Exercise details
Please give the entries again in full and exactly, without any picture.

(Entries supplied begins)

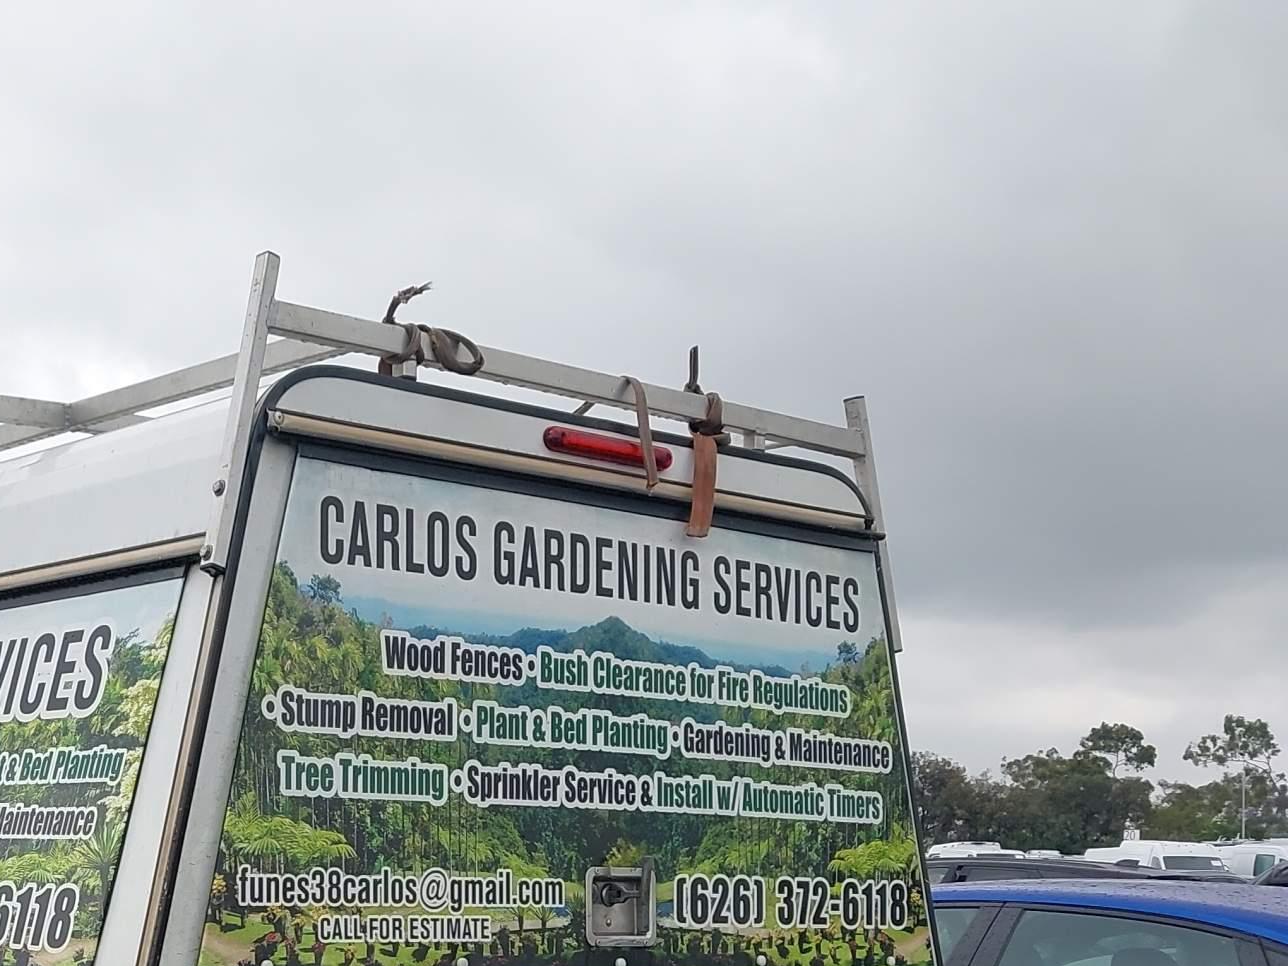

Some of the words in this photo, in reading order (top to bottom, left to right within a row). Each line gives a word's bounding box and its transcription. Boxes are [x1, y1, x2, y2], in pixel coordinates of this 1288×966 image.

[319, 495, 477, 581] CARLOS
[493, 520, 700, 610] GARDENING
[713, 555, 860, 633] SERVICES
[384, 635, 446, 674] Wood
[450, 641, 523, 681] Fences
[540, 650, 589, 687] Bush
[593, 656, 687, 696] Clearance
[689, 667, 715, 698] for
[718, 670, 749, 703] Fire
[753, 674, 849, 714] Regulations
[280, 690, 356, 733] Stump
[361, 696, 454, 736] Removal
[476, 705, 528, 741] Plant
[532, 714, 546, 742] &
[550, 711, 588, 745] Bed
[592, 714, 669, 753] Planting
[683, 722, 771, 762] Gardening
[774, 735, 786, 760] &
[789, 731, 890, 769] Maintenance
[6, 757, 18, 782] &
[19, 750, 54, 782] Bed
[53, 748, 125, 782] Planting
[281, 755, 335, 792] Tree
[339, 758, 445, 801] Trimming
[467, 764, 561, 801] Sprinkler
[564, 770, 636, 805] Service
[640, 780, 653, 807] &
[657, 776, 713, 810] Install
[716, 780, 739, 811] w/
[743, 781, 824, 817] Automatic
[827, 788, 881, 820] Timers
[238, 866, 563, 913] funes38carlos@gmail.com
[675, 879, 765, 926] (626)
[777, 879, 908, 928] 372-6118
[319, 918, 363, 941] CALL
[369, 918, 403, 941] FOR
[410, 917, 491, 941] ESTIMATE

(Entries supplied ends)

Task solution
Some of the words in this photo, in reading order (top to bottom, left to right within a row). Each line gives a word's bounding box and its transcription. Boxes are [x1, y1, x2, y2], in pixel coordinates of this 1288×966 image.

[319, 495, 477, 581] CARLOS
[493, 520, 700, 610] GARDENING
[713, 555, 860, 633] SERVICES
[384, 635, 446, 674] Wood
[450, 641, 523, 681] Fences
[540, 650, 589, 687] Bush
[593, 656, 687, 696] Clearance
[689, 667, 715, 698] for
[718, 670, 749, 703] Fire
[753, 674, 849, 714] Regulations
[280, 690, 356, 733] Stump
[361, 696, 454, 736] Removal
[476, 705, 528, 741] Plant
[532, 714, 546, 742] &
[550, 711, 588, 745] Bed
[592, 714, 669, 753] Planting
[683, 722, 771, 762] Gardening
[774, 735, 786, 760] &
[789, 731, 890, 769] Maintenance
[6, 757, 18, 782] &
[19, 750, 54, 782] Bed
[53, 748, 125, 782] Planting
[281, 755, 335, 792] Tree
[339, 758, 445, 801] Trimming
[467, 764, 561, 801] Sprinkler
[564, 770, 636, 805] Service
[640, 780, 653, 807] &
[657, 776, 713, 810] Install
[716, 780, 739, 811] w/
[743, 781, 824, 817] Automatic
[827, 788, 881, 820] Timers
[238, 866, 563, 913] funes38carlos@gmail.com
[675, 879, 765, 926] (626)
[777, 879, 908, 928] 372-6118
[319, 918, 363, 941] CALL
[369, 918, 403, 941] FOR
[410, 917, 491, 941] ESTIMATE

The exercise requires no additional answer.